La sua attività professionale è documentata da un registro di imbreviature, conservato nel Notarile antecosimiano dell’Archivio di Stato di Firenze (n. 11484, già L.76), legato in pergamena, di 172 carte, ove Ricevuti verga in grafia cancelleresca le minute degli atti, sottoscrivendosi con la formula fissa: «Lapus condam Giannis Ricevuti de Florentia, imperiali auctoritate iudex ordinarius publicusque notarius» (pp. 125 s.).

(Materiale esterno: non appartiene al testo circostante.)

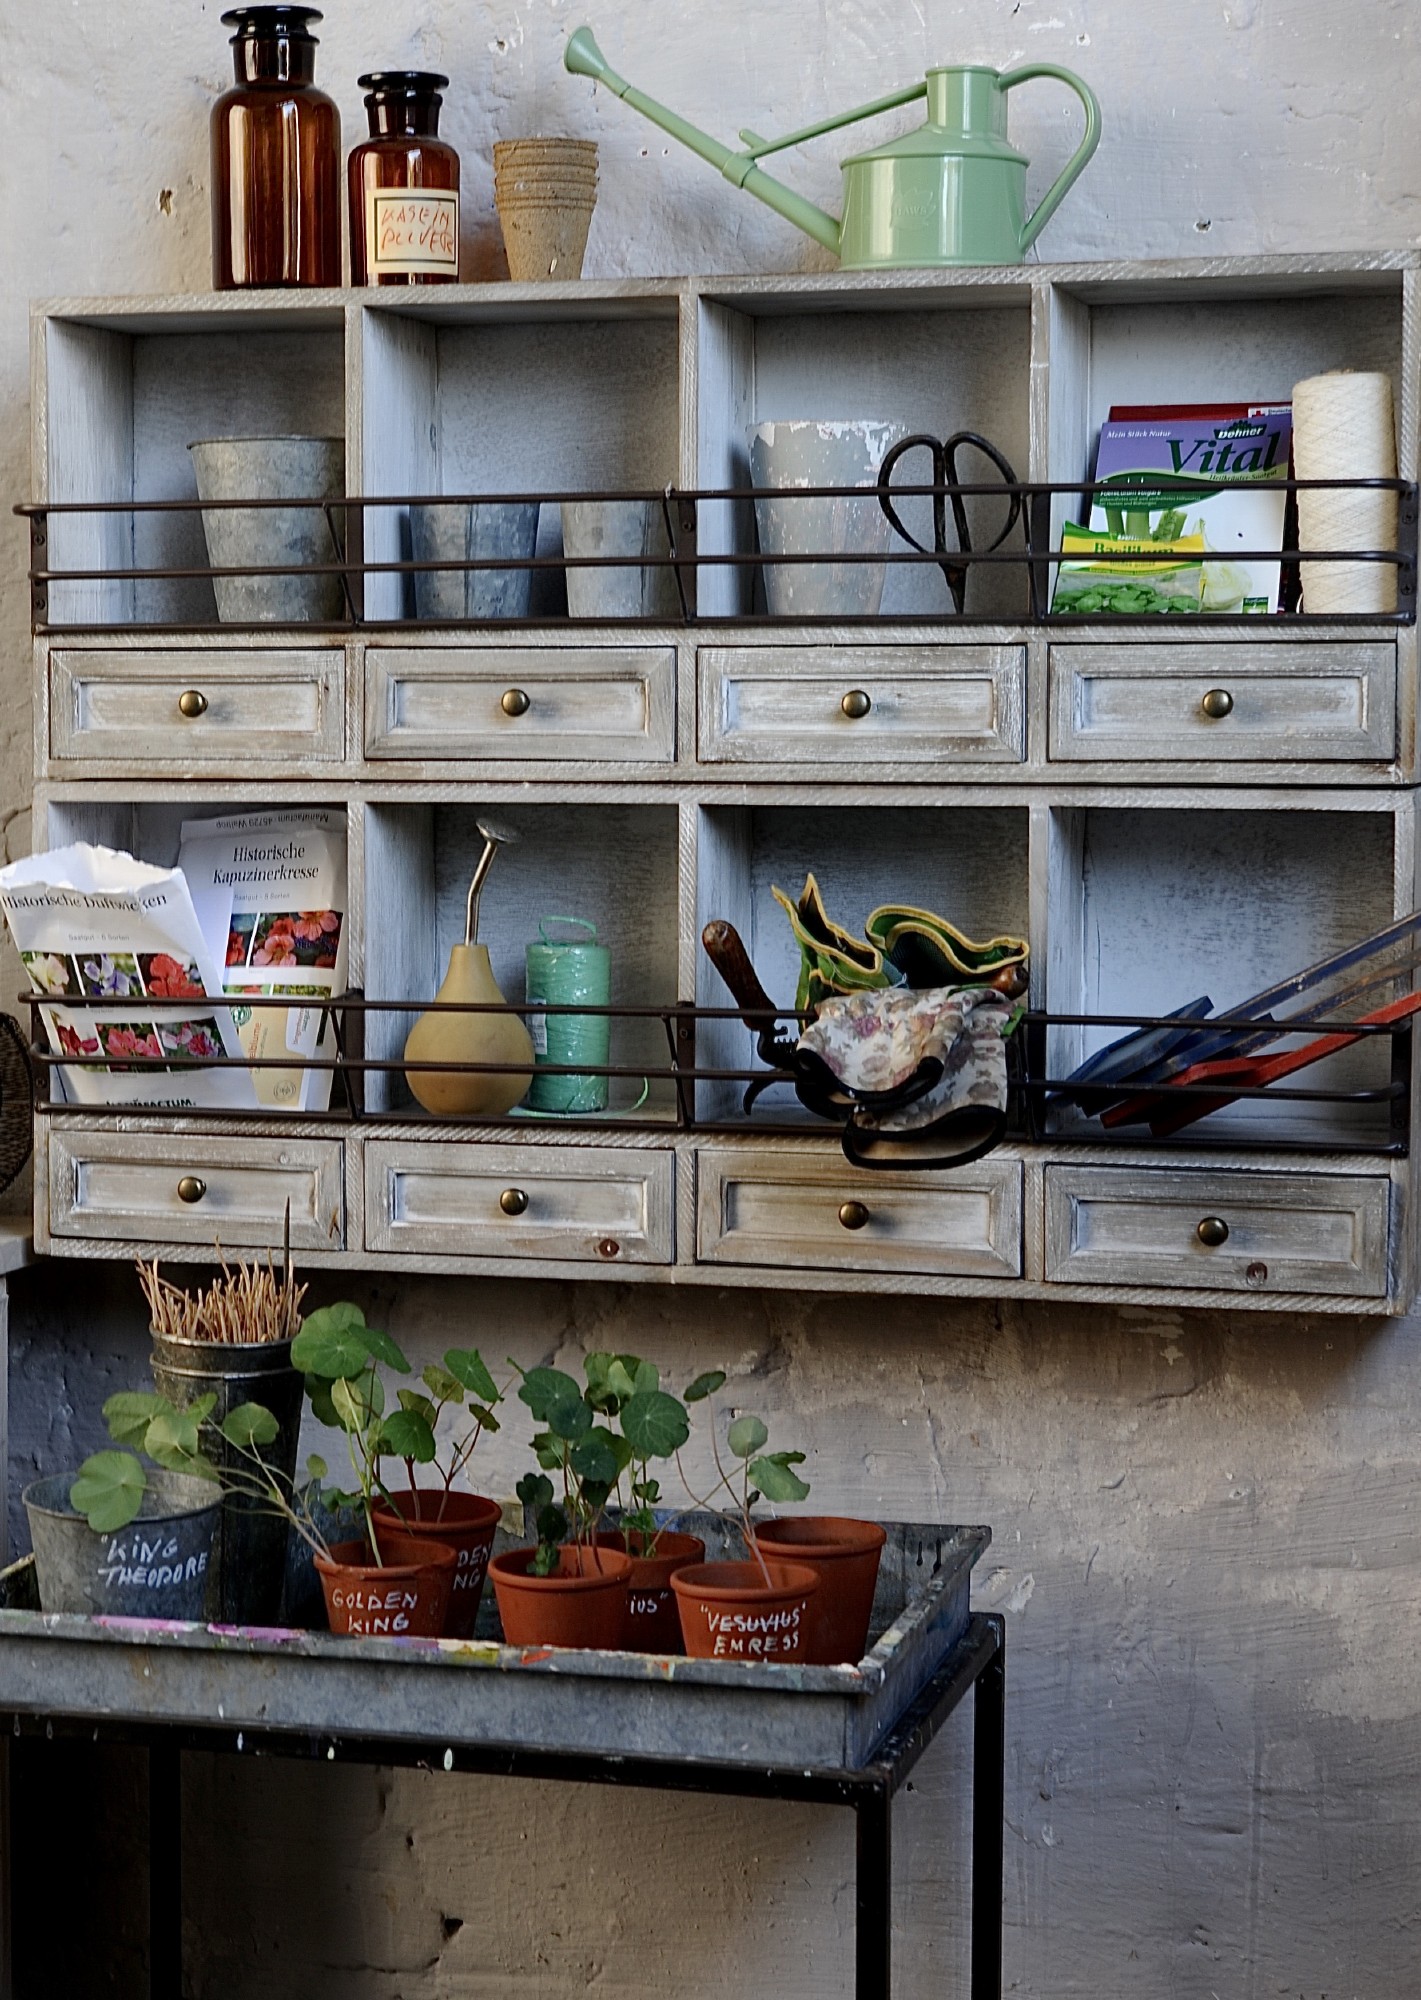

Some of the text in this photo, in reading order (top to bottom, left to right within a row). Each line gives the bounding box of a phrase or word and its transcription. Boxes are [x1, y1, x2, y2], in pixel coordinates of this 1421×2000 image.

[1218, 427, 1263, 439] Dehner
[1166, 431, 1282, 475] Vital
[233, 842, 305, 862] Historische
[213, 864, 319, 887] Kapuzinerkresse
[2, 893, 82, 909] Historische
[98, 1552, 207, 1588] THEODORE
[453, 1569, 480, 1591] NG
[332, 1589, 417, 1612] GOLDEN
[348, 1612, 409, 1633] KING

Il protocollo contiene documenti rogati non solo a Firenze, ma a Bologna, Cortona, nel Casentino e a Venezia. Gli atti fiorentini testimoniano un certo grado di coinvolgimento nelle vicende politiche cittadine. Ricevuti scrisse, infatti, documenti relativi agli affari finanziari del cardinale Napoleone Orsini (Davidsohn, 1956-1968, IV, p. 400); il 6 dicembre 1313 assistette alla vestizione religiosa di Vieri de’ Cerchi, capo dei guelfi bianchi fiorentini, ammesso in punto di morte all’Ordine domenicano (Del Lungo, 1888, pp. 125-127); il 18 marzo 1314 stipulò un accordo di pace tra i Donati e Filippo de’ Cerchi (Davidsohn, 1956-1968, V, p. 790); il 10 giugno 1322 firmò la scomunica, a opera del canonico Iacopo de’ Frescobaldi, del podestà di Firenze Ubertino de Salis di Brescia (IV, p. 845; Codice Diplomatico Dantesco, a cura di R. Piattoli, 1940, n. 131).

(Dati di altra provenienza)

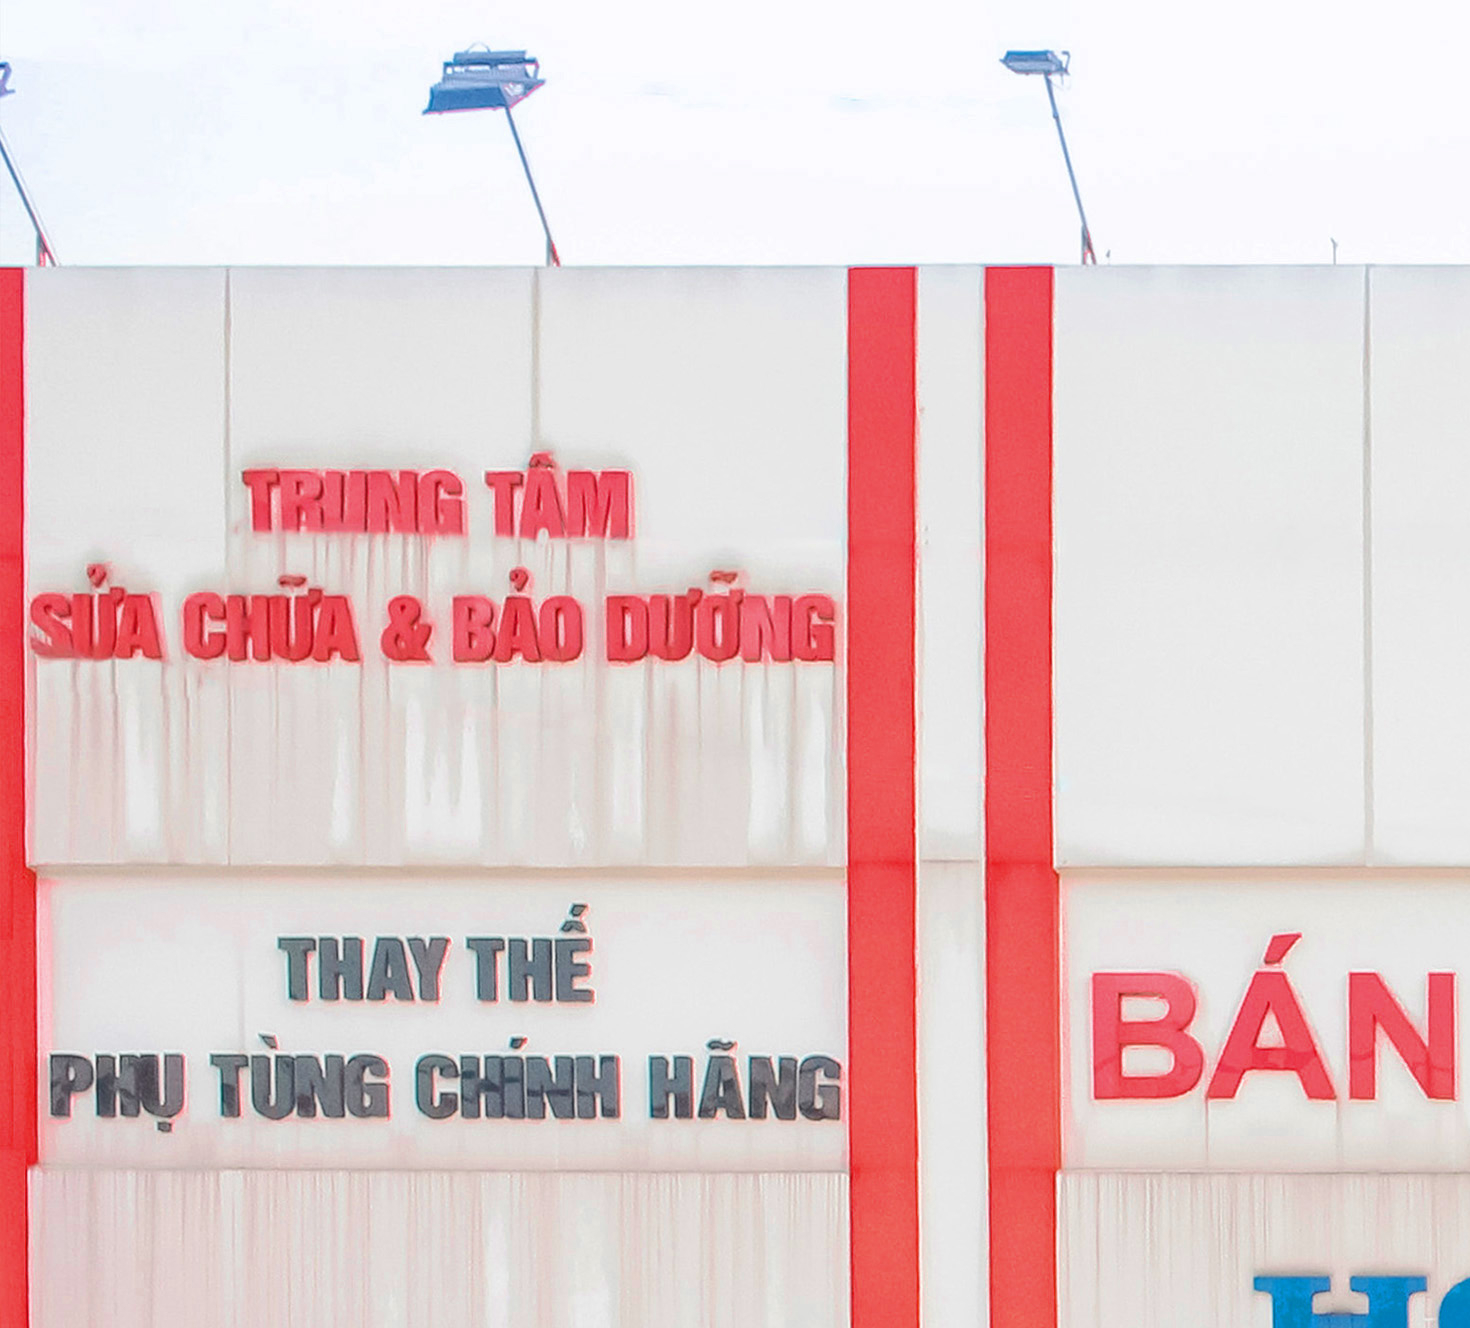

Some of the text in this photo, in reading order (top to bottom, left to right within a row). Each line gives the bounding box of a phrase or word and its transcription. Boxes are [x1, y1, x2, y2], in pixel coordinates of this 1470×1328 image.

Di particolare interesse gli atti che documentano il coinvolgimento di Ricevuti in vicende relative a Dante Alighieri e a persone con lui imparentate. Tra questi, l’atto con cui un notaio del Comune di Firenze, Sostegno di Busatto, consegnò al gonfaloniere e ai priori (tra i quali Dante, insediatosi soltanto da poche ore) una copia del documento di condanna di tre congiurati (n. 75); inoltre, il 17 novembre 1317 un atto di procura registra tra i testimoni Francesco Alighieri, fratellastro di Dante (n. 117). Tra il 1318 e il 1523 Ricevuti seguì infine le vicende relative a un prestito avuto dal lanaiolo Cione di Brunetto Alighieri, cugino di Dante: la mancata restituzione condusse Cione davanti al tribunale della Mercanzia, e tra i testimoni figura Pietro Alighieri, figlio di Dante (nn. 119, 133, 138). Ancora agli Alighieri rimandano altri due atti, entrambi rogati nel 1319 alla presenza di Andrea di Leone Poggi, figlio del cognato di Dante (Piattoli, 2013, p. 369; Azzetta, 2015, p. 67).

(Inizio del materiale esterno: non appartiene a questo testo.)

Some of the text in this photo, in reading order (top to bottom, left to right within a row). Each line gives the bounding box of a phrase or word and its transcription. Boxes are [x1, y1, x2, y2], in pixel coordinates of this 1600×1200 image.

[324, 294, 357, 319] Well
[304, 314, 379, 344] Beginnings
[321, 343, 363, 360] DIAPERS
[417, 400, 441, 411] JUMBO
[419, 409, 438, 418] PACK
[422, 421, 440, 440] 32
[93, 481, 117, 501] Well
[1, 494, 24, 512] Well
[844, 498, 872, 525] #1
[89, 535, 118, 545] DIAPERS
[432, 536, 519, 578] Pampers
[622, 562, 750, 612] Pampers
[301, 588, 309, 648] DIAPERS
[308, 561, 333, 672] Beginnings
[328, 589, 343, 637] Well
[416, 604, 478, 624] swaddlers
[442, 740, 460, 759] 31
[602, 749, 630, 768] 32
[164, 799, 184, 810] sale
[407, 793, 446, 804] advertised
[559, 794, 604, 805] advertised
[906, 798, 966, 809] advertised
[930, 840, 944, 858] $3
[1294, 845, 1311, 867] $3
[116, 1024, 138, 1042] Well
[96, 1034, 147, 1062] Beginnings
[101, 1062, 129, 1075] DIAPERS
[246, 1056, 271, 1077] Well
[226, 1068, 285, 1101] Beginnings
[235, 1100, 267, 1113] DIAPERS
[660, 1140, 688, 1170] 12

I documenti attestano una fitta rete di relazioni che, attraverso la sua attività professionale, Ricevuti intrattenne con alcuni dei protagonisti della vita culturale fiorentina del primo trentennio del Trecento. Tra questi, Pacino di Bonaguida, miniatore di alcuni codici della Commedia, e Andrea Lancia, notaio fiorentino, volgarizzatore, copista e commentatore del poema dantesco (Azzetta, 2015, pp. 66 s.). La presenza più assidua tra le sue carte (tanto nel protocollo quanto in un altro corposo gruppo di atti per lo più autografi, conservati nel Diplomatico dell’Archivio di Stato di Firenze, tra il 1299 e il 1322), a testimonianza di un intenso rapporto di collaborazione, è quella di Francesco da Barberino, autore dei Documenti d’amore e del Reggimento e costumi di donna, notaio al servizio del vescovo di Firenze Francesco Monaldeschi negli anni 1297-1303.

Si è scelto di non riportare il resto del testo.